Pakistan is on the cusp of such major changes following last month’s elections that many have begun speaking about a “Naya Pakistan” (New Pakistan) under the leadership of Prime Minister-elect Imran Khan, one which would naturally differentiate itself in the foreign policy realm just as much as the domestic one. Recognizing that this represents an exciting moment for Pakistan to build off of the regional rebalancing strategy begun by the previous administrations and take these moves to their next level, it’s fitting to revisit the author’s original proposal from December 2017 about how “It’s Time For Pakistan To Join The Eurasian Development Bank”, which takes on an increased importance in the present day.

Pakistan is expected to continue enhancing its strategic relations with Russia, but their expanding military, energy, and diplomatic cooperation is missing the crucial real-sector economic component that only membership in the Eurasian Development Bank can advance. Russia needs to become a stakeholder in Pakistan’s overall success, and providing multilateral financing solutions to its forthcoming developmental projects would be the fastest and most mutually beneficial way of achieving that. Although the process of joining the regional bank might take a few years, it would unprecedentedly signal the first time that a state outside of the former Soviet Union expressed a serious interest in membership.

This alone is bound to attract the attention of all manner of Russian decision makers who are already eager as it is to expand their country’s influence beyond its traditional spheres, and it might also appeal to their Pakistani counterparts who are keen to diversify their sources of future financing.
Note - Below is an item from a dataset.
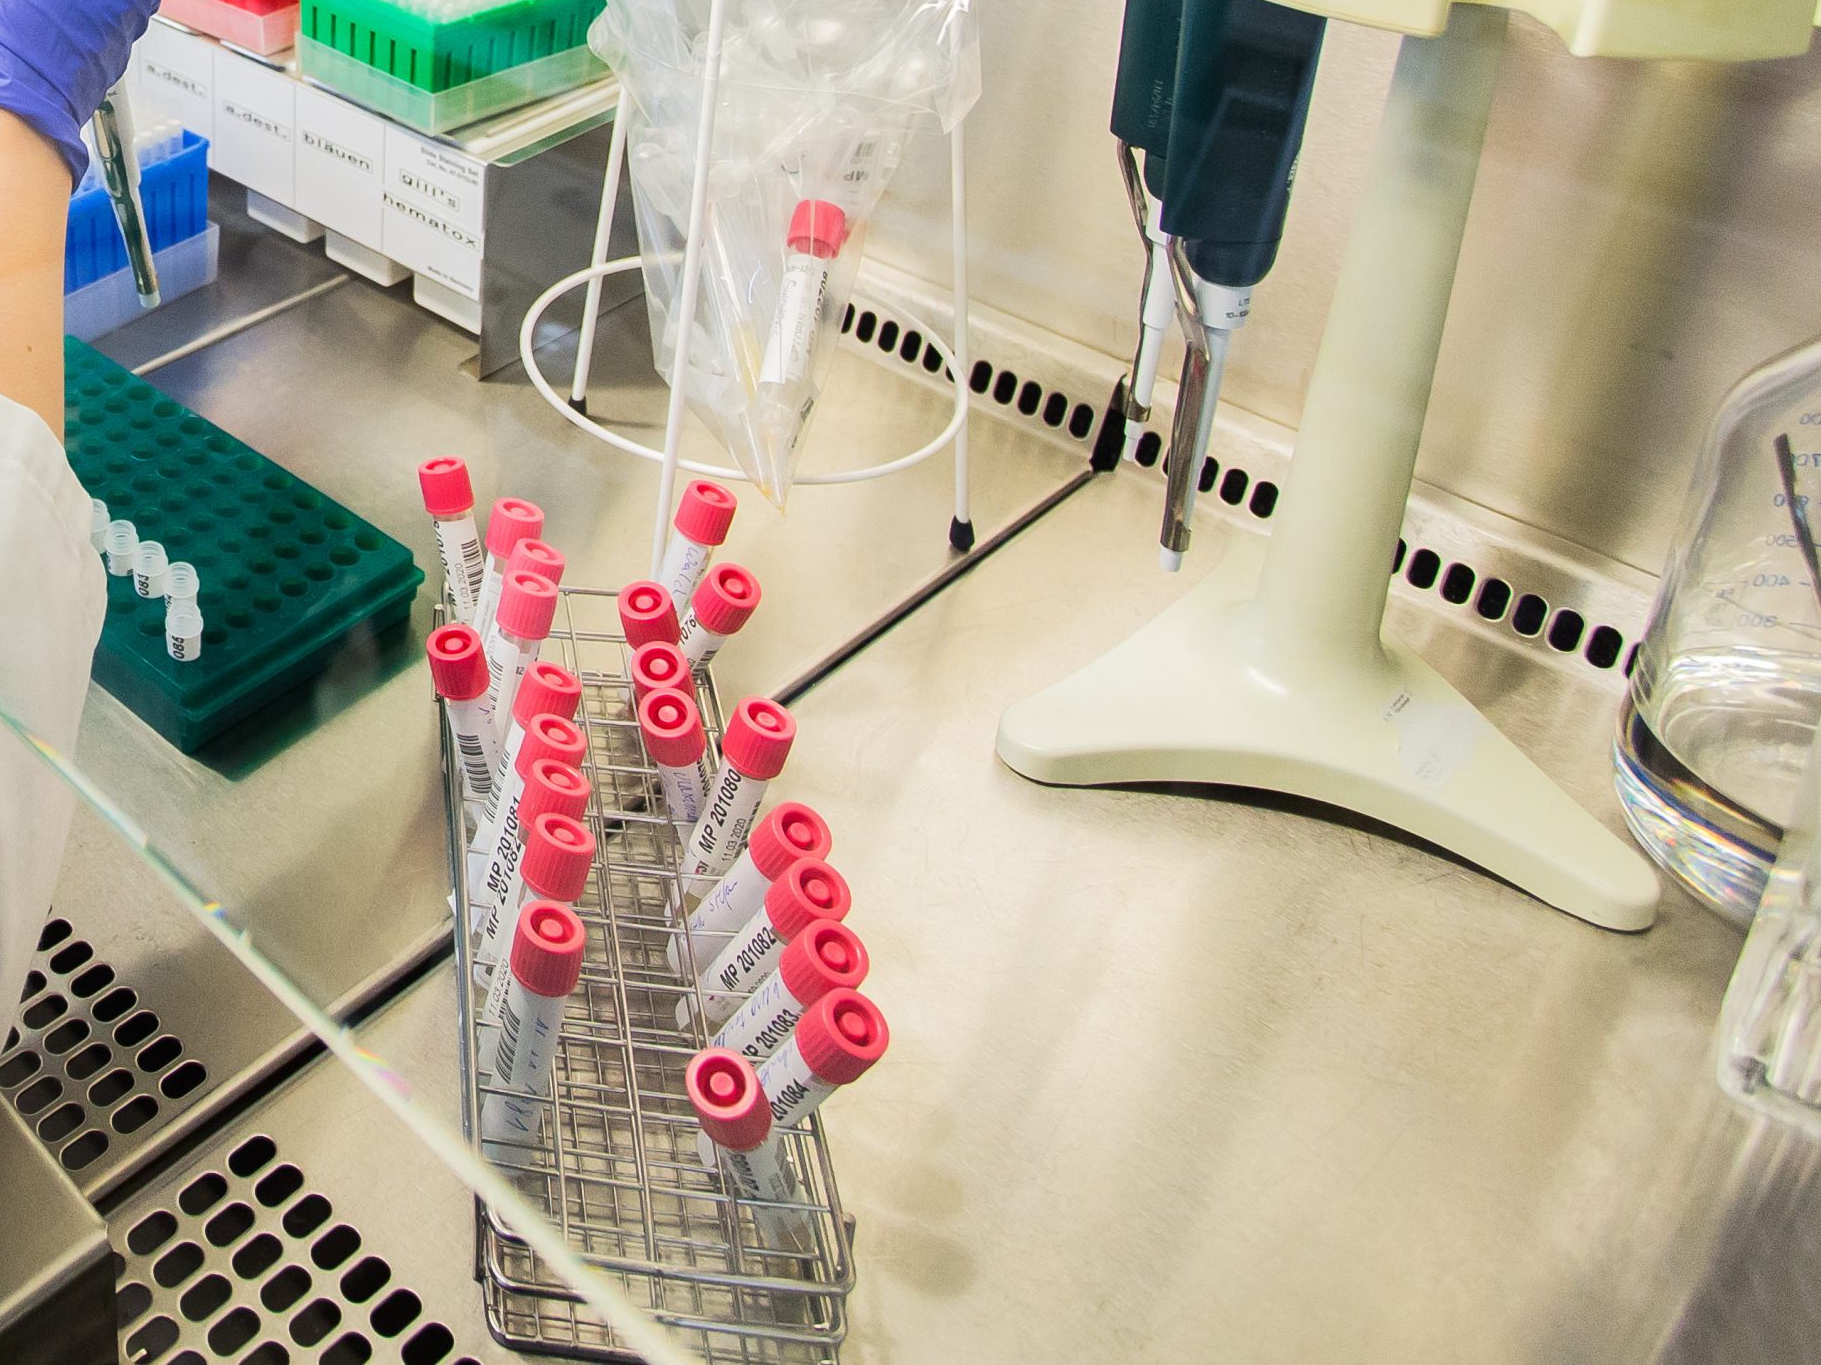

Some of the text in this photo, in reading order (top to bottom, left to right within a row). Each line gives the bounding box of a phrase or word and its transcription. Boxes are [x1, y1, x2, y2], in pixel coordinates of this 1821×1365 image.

Because of the bank’s focus on infrastructure, there’s a perfect complementarity between President Putin’s vision of Eurasian integration and Prime Minister-elect Khan’s of domestic development, and the corresponding membership talks could most immediately serve as a pivotal platform for bringing together both countries’ elite to discuss the prospects for further economic cooperation.

The “gateway effect” that this could gave might be an actual game-changer in the Russian-Pakistan rapprochement by showcasing the South Asian state’s investment potential and resultantly incentivizing its northern partner to make a tangible commitment to its success. In addition, the Eurasian Development Bank could also give Pakistan the opportunity to strengthen its relations with the organization’s three Central Asian members and lay the groundwork for the blossoming of ties with each of them that would naturally occur if a Russian-Pakistani trade corridor through the region was ever commenced. It’s therefore in Pakistan’s best interests that the incoming government seriously considers approaching the Eurasian Development Bank and exploring the possibility for membership.
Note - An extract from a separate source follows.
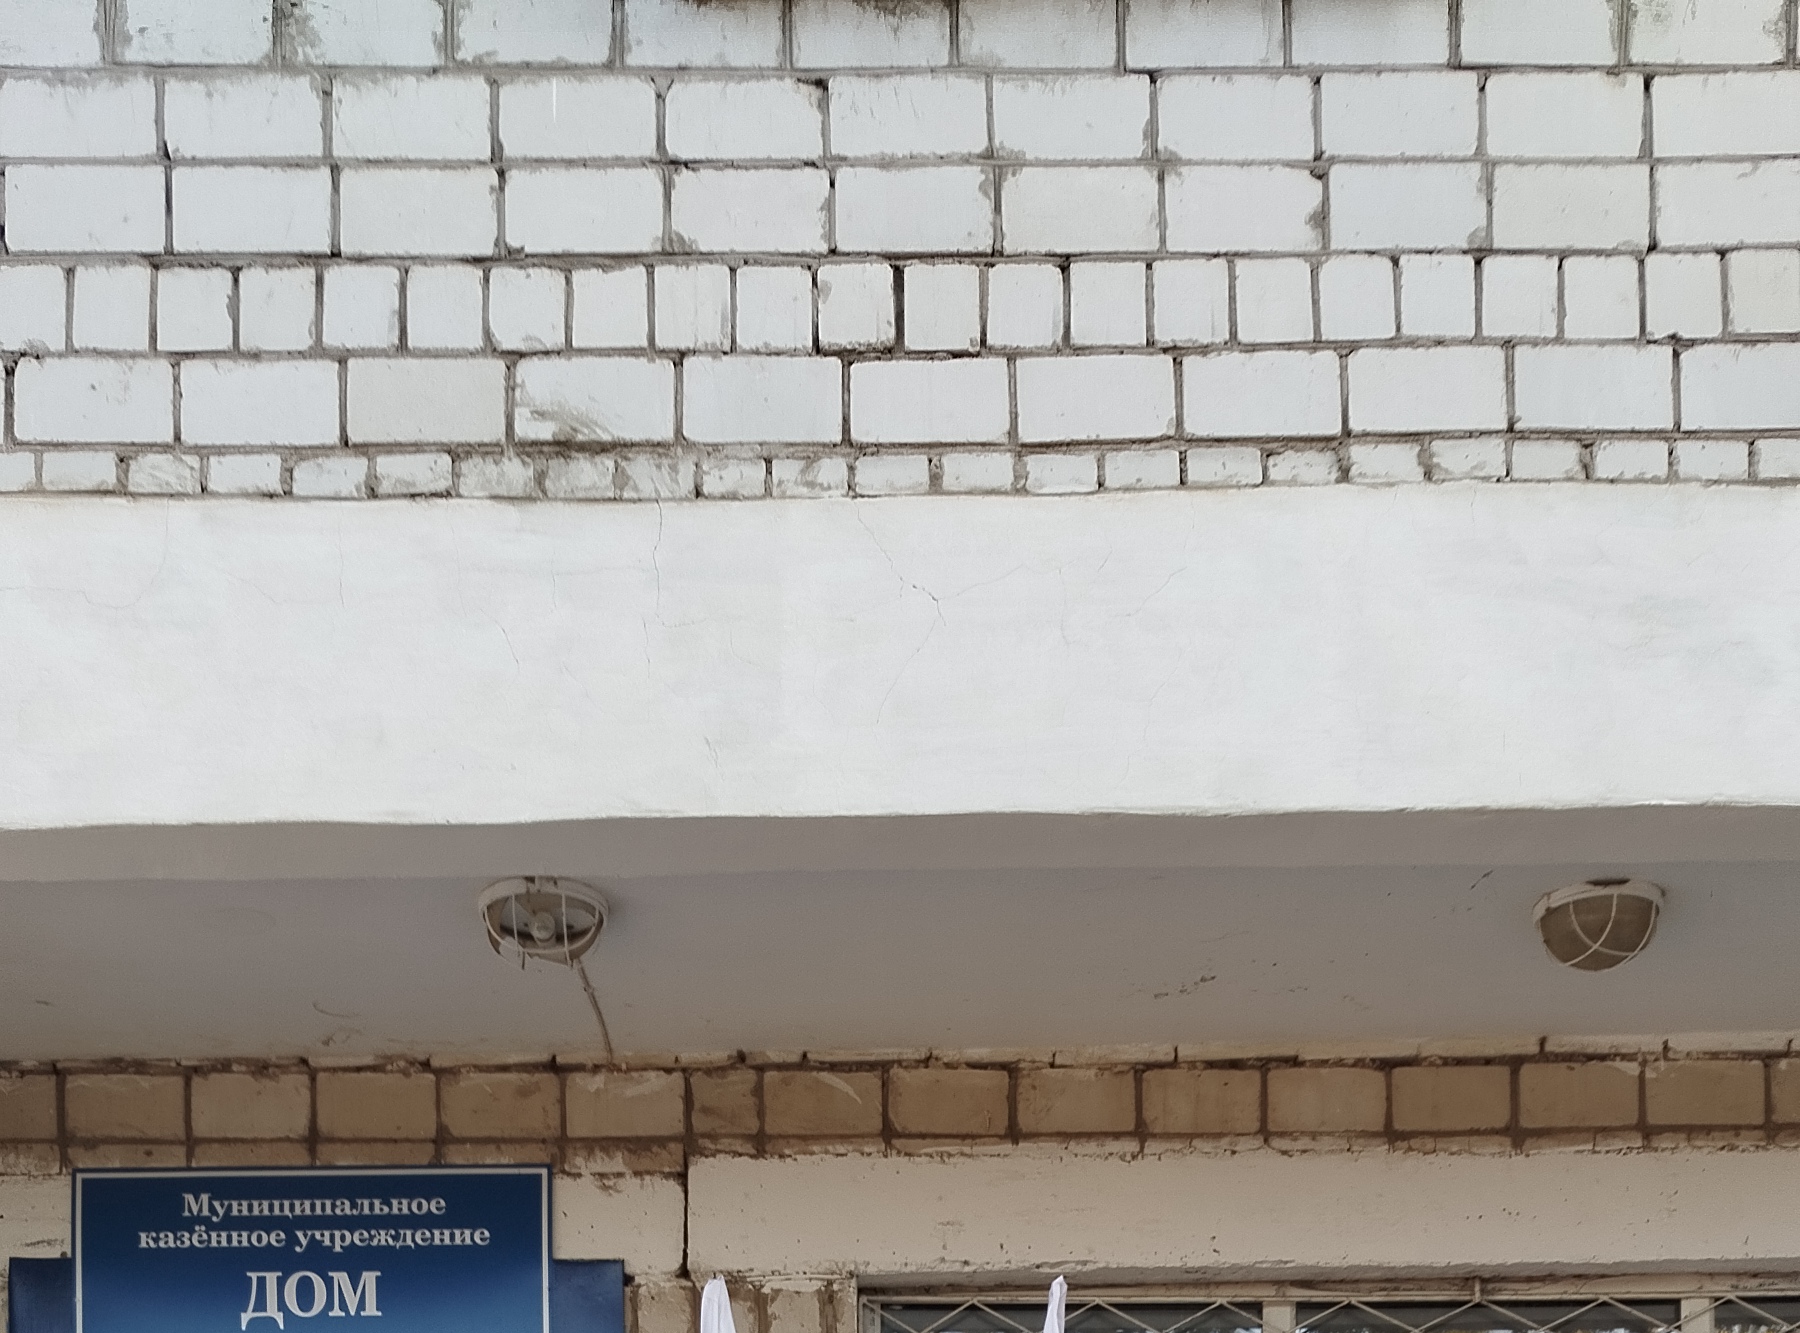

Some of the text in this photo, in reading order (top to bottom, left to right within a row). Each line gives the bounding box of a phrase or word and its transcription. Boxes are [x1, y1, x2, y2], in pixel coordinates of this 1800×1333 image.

[182, 1193, 446, 1222] Муниципальное
[138, 1225, 490, 1252] казённое учреждение
[241, 1271, 382, 1330] ДОМ
This article was originally published on Eurasia Future.

Andrew Korybko is an American Moscow-based political analyst specializing in the relationship between the US strategy in Afro-Eurasia, China’s One Belt One Road global vision of New Silk Road connectivity, and Hybrid Warfare. He is a frequent contributor to Global Research.
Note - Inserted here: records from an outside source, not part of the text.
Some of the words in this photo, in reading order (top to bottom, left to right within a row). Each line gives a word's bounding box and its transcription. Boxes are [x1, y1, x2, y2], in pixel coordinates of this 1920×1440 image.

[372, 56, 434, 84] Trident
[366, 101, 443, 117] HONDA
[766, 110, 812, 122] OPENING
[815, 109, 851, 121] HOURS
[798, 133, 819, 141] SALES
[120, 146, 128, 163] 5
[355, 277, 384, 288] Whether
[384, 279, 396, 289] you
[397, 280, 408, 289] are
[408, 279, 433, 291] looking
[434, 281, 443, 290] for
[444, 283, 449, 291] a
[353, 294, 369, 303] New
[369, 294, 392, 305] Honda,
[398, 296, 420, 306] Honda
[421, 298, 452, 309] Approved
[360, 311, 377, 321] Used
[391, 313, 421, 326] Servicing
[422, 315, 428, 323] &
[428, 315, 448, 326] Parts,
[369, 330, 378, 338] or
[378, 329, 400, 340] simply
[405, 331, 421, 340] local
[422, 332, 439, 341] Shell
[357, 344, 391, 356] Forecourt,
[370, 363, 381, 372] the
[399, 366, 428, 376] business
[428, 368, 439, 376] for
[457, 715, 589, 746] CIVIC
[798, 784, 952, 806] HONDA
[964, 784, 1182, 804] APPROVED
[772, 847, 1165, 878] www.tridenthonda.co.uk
Comment on Global Research Articles on our Facebook page

Become a Member of Global Research

Articles by: Andrew Korybko

About the author:

Andrew Korybko est le commentateur politique étasunien qui travaille actuellement pour l’agence Sputnik. Il est en troisième cycle de l’Université MGIMO et auteur de la monographie Guerres hybrides: l’approche adaptative indirecte pour un changement de régime(2015).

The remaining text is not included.